Stir those ingredients into the soup, and return the pot to the heat, this time lowering it just slightly to medium low. The soup needs to cook on a low simmer this time. Hot enough to cause the cornstarch slurry to thicken the soup, and for the cheese to melt. But too high, and it will curdle a bit. This is when you see little white solids develop, and it's just something that happens when dairies get too hot, among other reasons. Heavier creams generally tolerate higher heat than say, milk, but they are still susceptible to it. It doesn't actually harm the soup, or you, it's just visually not as appealing. But if you notice this happening, just accept it and eat it that way, don't throw it out!
what to serve with beer cheese potato bacon soup
The soup is done when you notice it thicken up to a chowdery consistency, and the cheese is fully melted. This soup is amazing served with a crusty bread or roll for dipping. For an easy, homemade crusty side bread try this soft on the inside, crusty on the outside, perfect for dipping no-knead Dutch Oven Bread.
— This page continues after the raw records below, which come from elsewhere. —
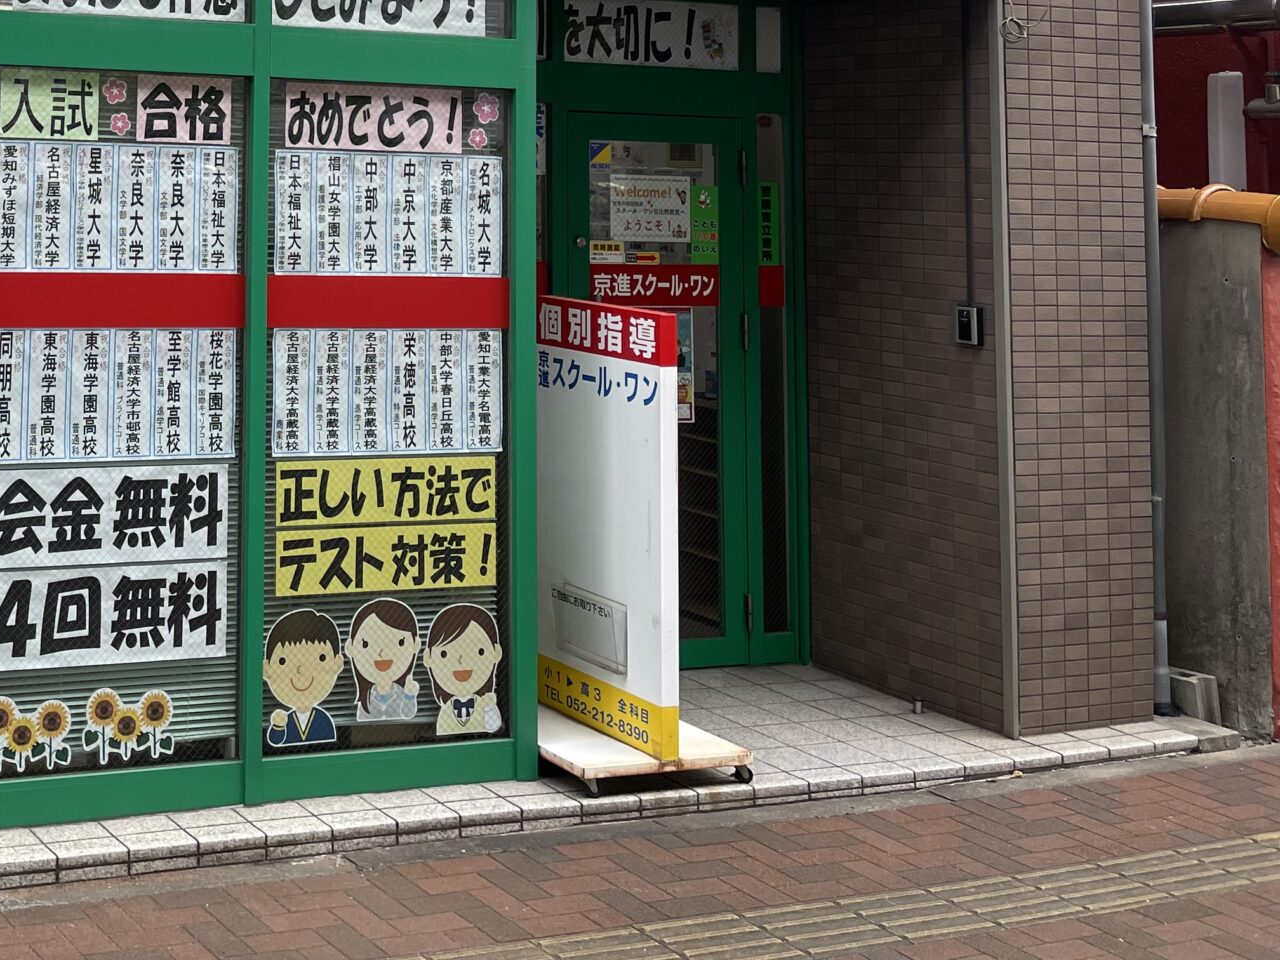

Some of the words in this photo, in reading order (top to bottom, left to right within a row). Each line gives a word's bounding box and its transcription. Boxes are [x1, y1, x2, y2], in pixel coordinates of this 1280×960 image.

[564, 2, 696, 62] を大切に！
[7, 77, 94, 139] 入試
[139, 80, 231, 143] 合格
[288, 90, 461, 149] おめでとう！
[0, 146, 17, 266] 愛知みずほ短期大学
[45, 147, 61, 266] 名古屋経済大学
[87, 148, 102, 267] 星城大学
[129, 149, 145, 267] 奈良大学
[170, 150, 185, 267] 奈良大学
[211, 151, 225, 268] 日本福祉大学
[288, 155, 301, 270] 日本福祉大学
[328, 156, 341, 270] 椙山女学園大学
[364, 157, 378, 270] 中部大学
[403, 159, 416, 271] 中京大学
[440, 160, 453, 271] 京都産業大学
[478, 161, 491, 272] 名城大学
[539, 303, 656, 359] 個別指導
[594, 272, 714, 298] 京進スクール・ワン
[40, 332, 57, 457] 東海学園高校
[82, 332, 99, 456] 東海学園高校
[126, 331, 141, 455] 名古屋経済大学市邨高校
[167, 332, 181, 453] 至学館高校
[209, 331, 223, 452] 桜花学園高校
[286, 332, 300, 451] 名古屋経済大学高蔵高校
[326, 332, 340, 450] 名古屋経済大学高蔵高校
[364, 333, 377, 449] 名古屋経済大学高蔵高校
[403, 333, 416, 448] 栄徳高校
[440, 332, 453, 448] 中部大学春日丘高校
[478, 332, 491, 446] 愛知工業大学名電高校
[278, 467, 491, 521] 正しい方法で
[278, 532, 491, 587] テスト対策！
[552, 588, 610, 618] ご自由にお取り下さい
[544, 685, 563, 704] TEL
[567, 695, 649, 744] 052-212-8390
[618, 699, 649, 724] 全科目
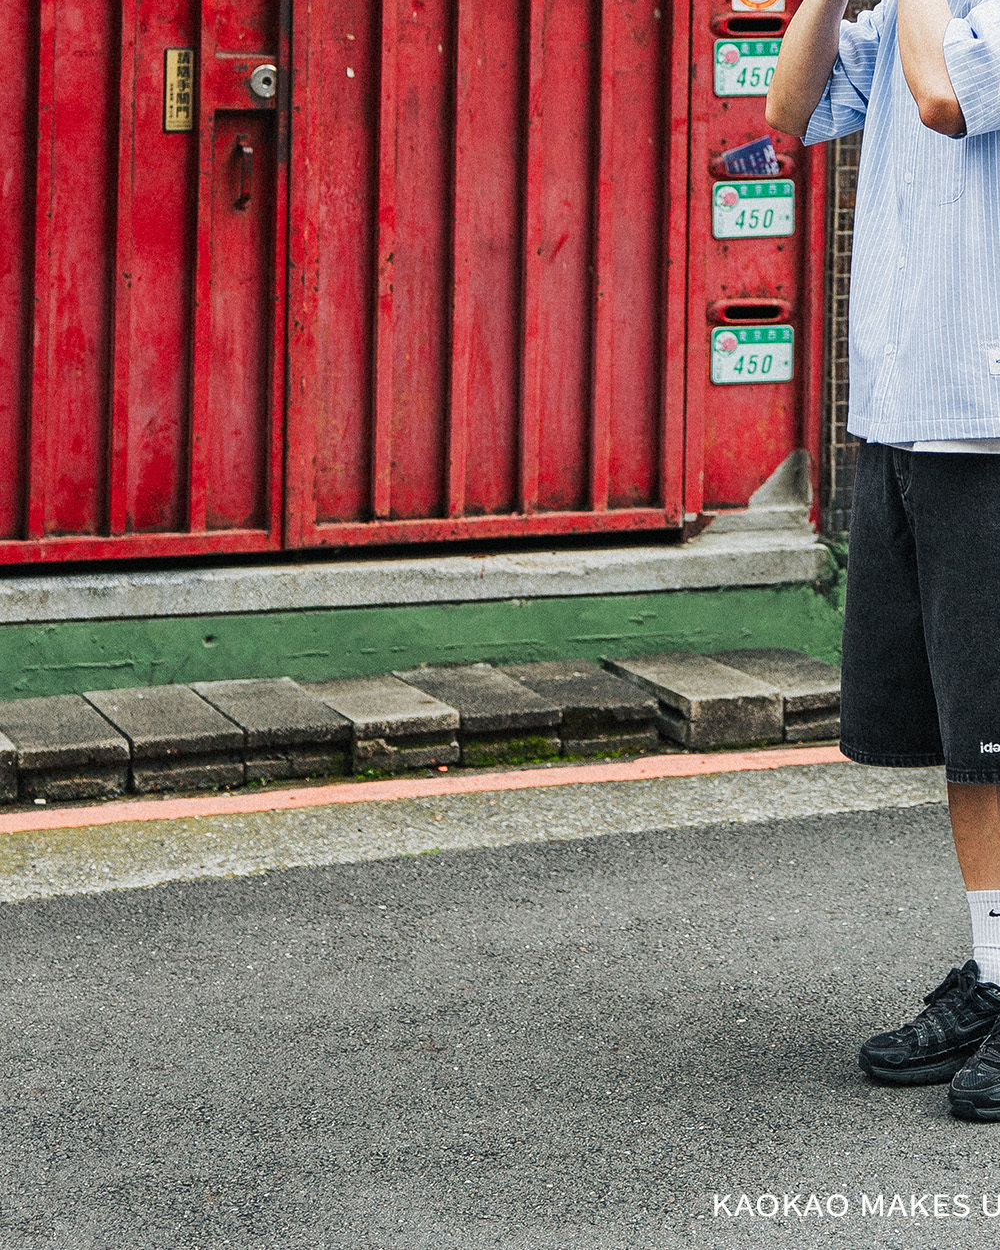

And while a basic bread is always a perfect sidekick to a good soup, you also can't go wrong with a classic grilled cheese!
Beer Cheese Potato Bacon Soup
- ½ pound bacon cut into pieces
- 1 small to medium sized onion peeled, minced
- 1 clove garlic peeled, minced
- 12 oz light lager or amber ale beer
- 3 lbs russet potatoes peeled and diced into ½ inch cubes
- 4 cups chicken stock can substitute chicken broth, but note that broth is generally saltier, so taste before adding any extra salt
- 1 cup heavy cream
- 3 tbsp corn starch whisked into a few tablespoons of water until dissolved and milky, a.k.a. "slurry"
- 8 oz block extra sharp cheddar cheese shredded
- salt and pepper to taste
- In a large pot, fry chopped bacon, onions and garlic until bacon is extra crispy (don’t be afraid to really crisp this up, because you don’t want it to end up soggy in the soup) and onions are softened. Drain grease.
- Pour in beer, scrape up any brown bits stuck to bottom of the pan and let alcohol evaporate for 5 minutes.
- Add peeled, diced potatoes, stock and salt and pepper to taste.
- Simmer on medium for 30 minutes, until potatoes are softened.
- Reduce heat to a low simmer, and whisk in the cornstarch slurry, heavy cream and cheese.
- Simmer for 10 minutes longer until thickened.
- To make this recipe in your slow cooker:
- Cook bacon first by either frying the pieces in a pan, or cooking the strips in the microwave on a plate lined with several paper towels until crispy, and then crumble into pieces.
- Add all ingredients to slow cooker, except for the cornstarch slurry, heavy cream, and cheese.
- Cook on low for 6-10 hours, or high for 4-6 hours, adding the cornstarch slurry, heavy cream and shredded cheese in during the last hour.
- Set pressure cooker to sauté function and sauté chopped bacon, onions,
- Add beer to pot and sauté for an additional 5-10 minutes.
- Add the stock and diced potatoes, and set cooker to high pressure for 10 minutes.
- Allow steam to naturally release.
- Add cornstarch slurry, heavy cream and shredded cheese.
- Turn the sauté function back on and let simmer for 10 minutes until thickened.